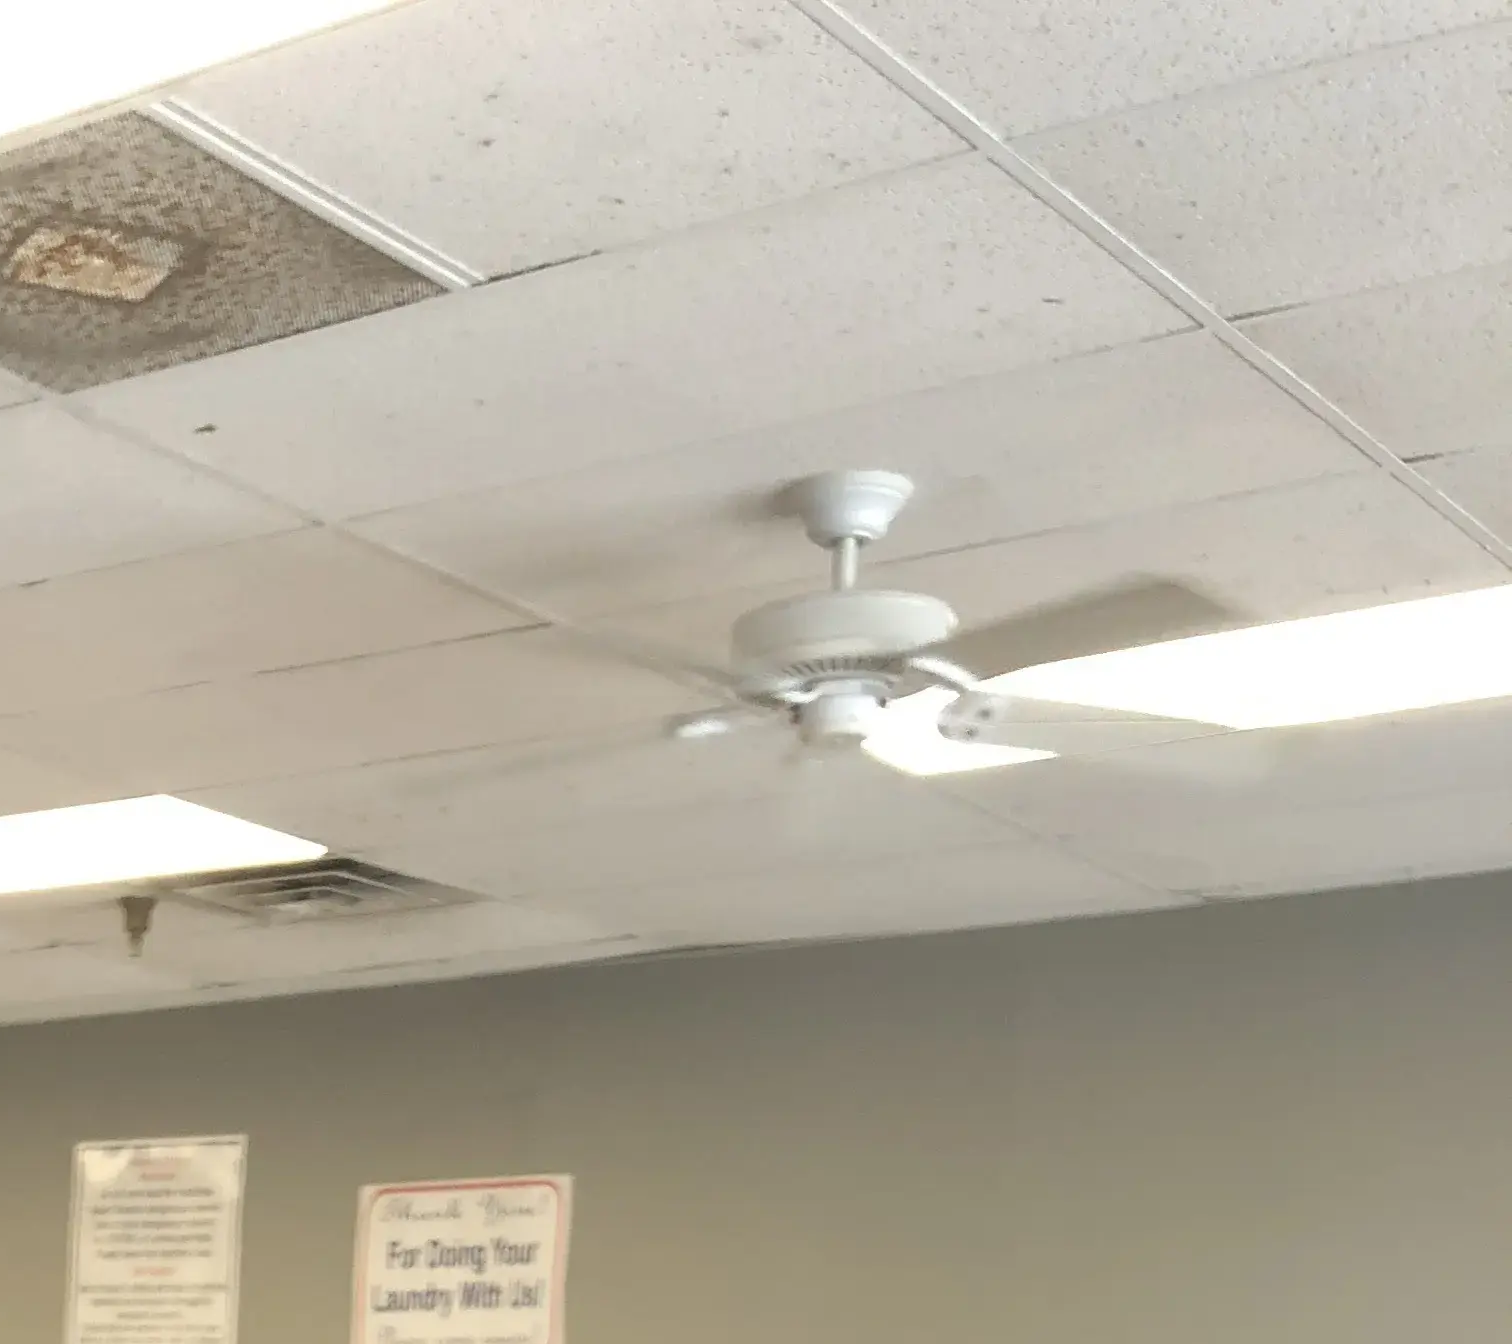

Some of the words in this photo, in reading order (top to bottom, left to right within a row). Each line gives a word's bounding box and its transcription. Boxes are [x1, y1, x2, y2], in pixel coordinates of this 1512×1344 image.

[386, 1240, 422, 1270] For
[426, 1238, 486, 1275] Doing
[491, 1237, 540, 1266] Your
[370, 1283, 456, 1319] Laundry
[457, 1281, 503, 1311] With

→ **PROBLEM TO WORK ON**
Reproduce the records above exactly, leaving out every picture they contain.

→ **SOLUTION BELOW**
Some of the words in this photo, in reading order (top to bottom, left to right within a row). Each line gives a word's bounding box and its transcription. Boxes are [x1, y1, x2, y2], in pixel coordinates of this 1512×1344 image.

[386, 1240, 422, 1270] For
[426, 1238, 486, 1275] Doing
[491, 1237, 540, 1266] Your
[370, 1283, 456, 1319] Laundry
[457, 1281, 503, 1311] With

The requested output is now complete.